L'histoire :
Le prisonnier Climby arbore en permanence un sourire narquois qui a le don d’agacer le chef du pénitencier, le chef Hunter, cultivé et autoritaire. Ce dernier est bien décidé à « casser » cet ignare heureux de Climby, à force d’humiliations et de harcèlement. Mais un jour, Climby profite d’une sortie dans le cadre de travaux forcés et groupés, pour prendre la poudre d’escampette. Une seconde d’inattention de ses gardiens et il file à travers les fourrés, traverse une rivière à la nage et rejoint une petite route derrière une forêt. Hunter a beau lâcher ses chiens, ils le rattrapent trop tard : Climby est grimpé à bord du pick-up conduit par la belle Sally, qui lui avait donné rendez-vous à cet endroit précis. Ils mettent aussitôt le cap sur la Louisiane, car Climby entretient le doux rêve de construire une cabane sur un îlot du bayou, le « plus bel endroit du monde »… quand bien même ce havre de paix a pour voisin un énorme et vieil alligator prénommé « Coffin ». Or, tandis que Climby et Sally taillent la route, observés par deux étranges mormons, le chef Hunter dépose auprès de son directeur une semaine de congés. Il entend bien récupérer lui-même Climby, il en fait une question de principe. Hunter a décidé que la manipulation mentale de Climby serait son chef d’œuvre de modelage en psychologie humaine…

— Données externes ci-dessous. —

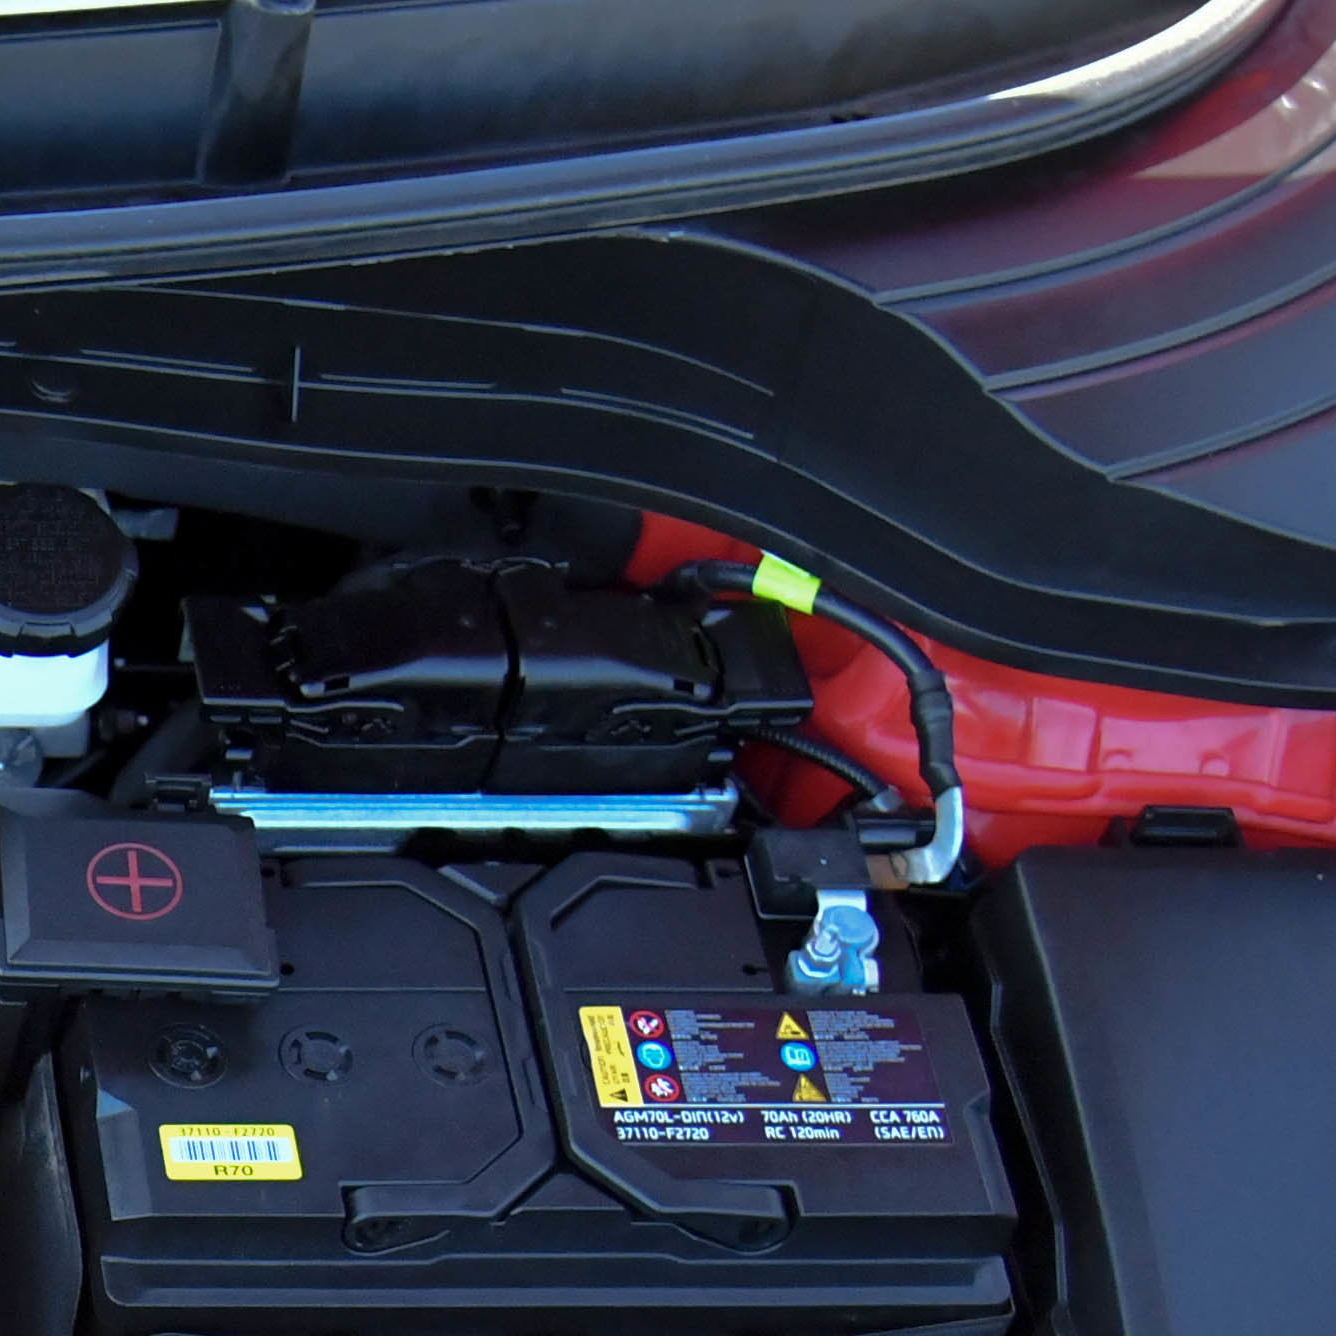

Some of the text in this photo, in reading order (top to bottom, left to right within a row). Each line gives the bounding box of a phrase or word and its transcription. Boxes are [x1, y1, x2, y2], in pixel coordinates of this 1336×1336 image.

[760, 1110, 799, 1124] 70Ah
[869, 1110, 901, 1124] CCA
[616, 1126, 711, 1141] 37110-F2720
[764, 1126, 841, 1140] RC 120min
[213, 1164, 254, 1176] R70
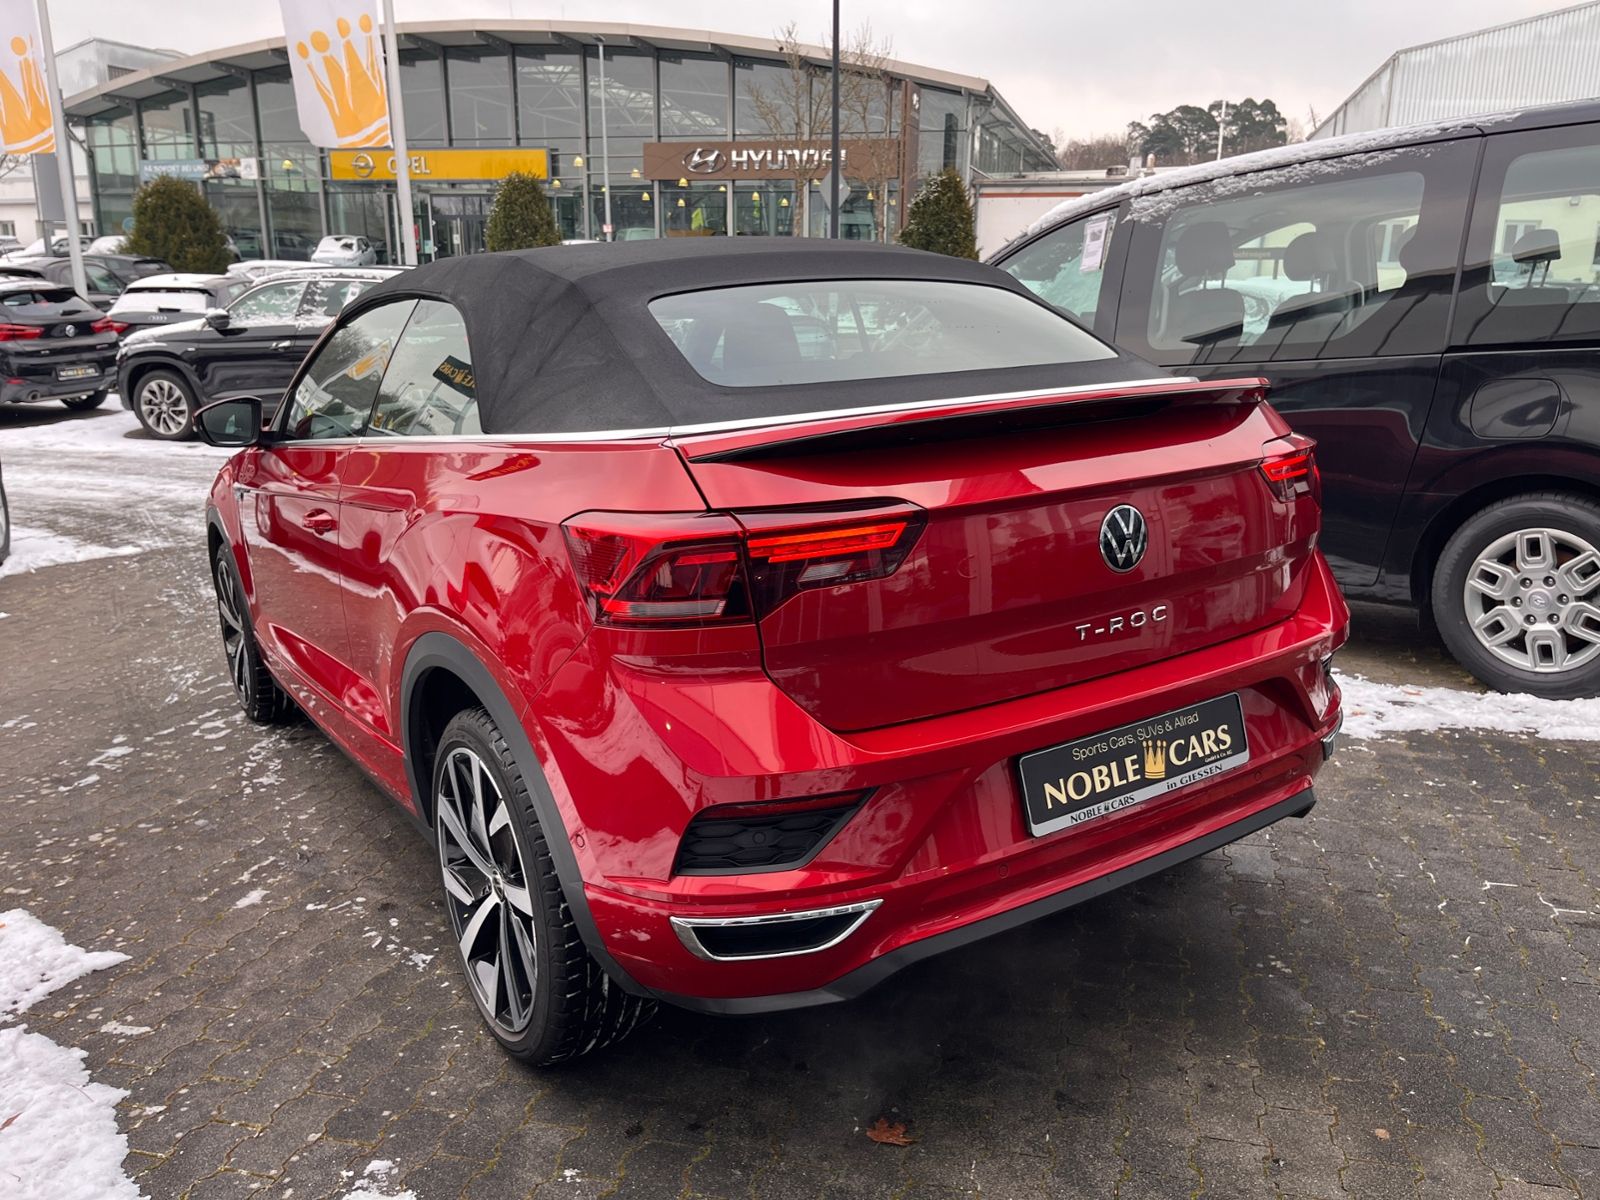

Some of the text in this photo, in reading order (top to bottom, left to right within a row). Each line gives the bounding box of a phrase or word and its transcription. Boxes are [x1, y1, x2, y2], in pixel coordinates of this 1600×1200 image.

[387, 156, 431, 174] OEL
[731, 149, 847, 170] HYUNDAI
[1075, 605, 1167, 641] T-ROC
[1072, 711, 1199, 761] Sports Cars, SUVs & Allrad
[1043, 724, 1232, 810] NOBLE CARS
[1166, 763, 1223, 791] in GIESSEN
[1070, 794, 1136, 824] NOBLE CARS
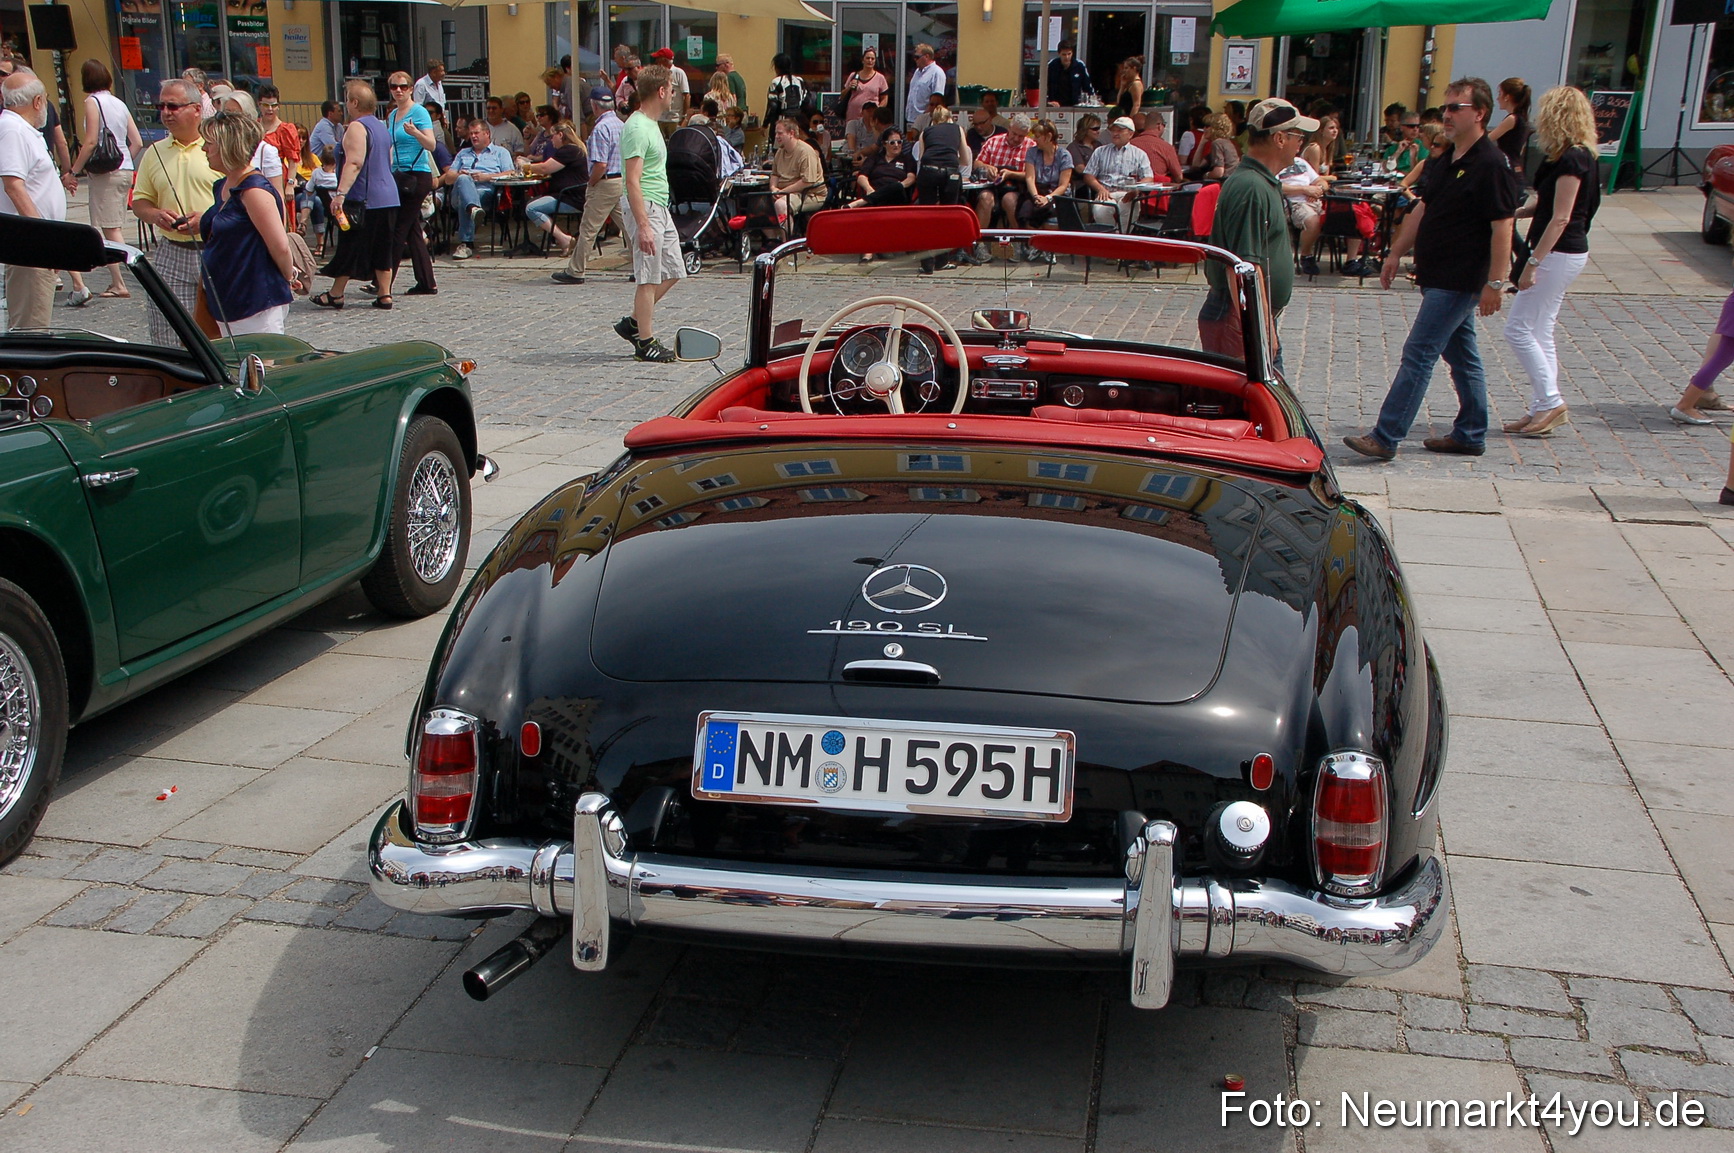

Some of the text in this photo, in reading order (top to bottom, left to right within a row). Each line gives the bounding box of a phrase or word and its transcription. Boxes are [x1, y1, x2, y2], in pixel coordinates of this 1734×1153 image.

[121, 16, 141, 24] Digitale
[829, 619, 968, 636] 190 SL
[736, 729, 813, 788] NM
[852, 736, 892, 793] H
[712, 763, 724, 779] D

Ce qu'on en pense sur la planète BD :
Initialement publié en 1988 au sein de la collection Berthet (de Dupuis), L’œil du chasseur profite aujourd’hui (33 ans plus tard !) d’une luxueuse réédition par les éditions Anspach. Cet écrin grand format, sur papier mat rugueux, complété par un dossier final très complet (genèse, contexte, inspirations, analyse et témoignages des auteurs, le tout enrichi par une belle iconographie), remet l’œuvre à son juste niveau d’excellence. Les jeunes lecteurs (de moins de 50 ans) peuvent ainsi découvrir cette histoire de chasse à l’homme multiple et torturée – à l’image des scénarios de Philipe Foerster. Le personnage candide de Climby, un imbécile heureux, est en fuite ; il compte retrouver son magot et se faire oublier le reste de ses jours en compagnie de sa fiancée, dans un coin de paradis. Evidemment, c’était sans compter sur le chef du pénitencier, le bien-nommé Hunter (ce qui signifie « chasseur » en anglais). Mu par une opiniâtreté radicale, ce personnage incarne le méchant par bien des aspects : il a un œil de verre, il est indécemment cultivé, il aime la traque, et sa grande passion est la maîtrise mentale de ses proies. Pour autant, il ne sera pas le seul chasseur de cette histoire, qui trouve son point d’orgue lors d’une confrontation tragique dans les marécages de Louisiane infestés d’alligators (voir couverture). Le scénario vachard et sordide de Foerster est enluminé par le dessin semi-réaliste de Philippe Berthet, une sublime ligne claire qui se fait aujourd’hui trop rare. Cadrages et découpage, décors et personnages, rythme et suspens, tout est parfait. Grand merci, les éditions Anspach !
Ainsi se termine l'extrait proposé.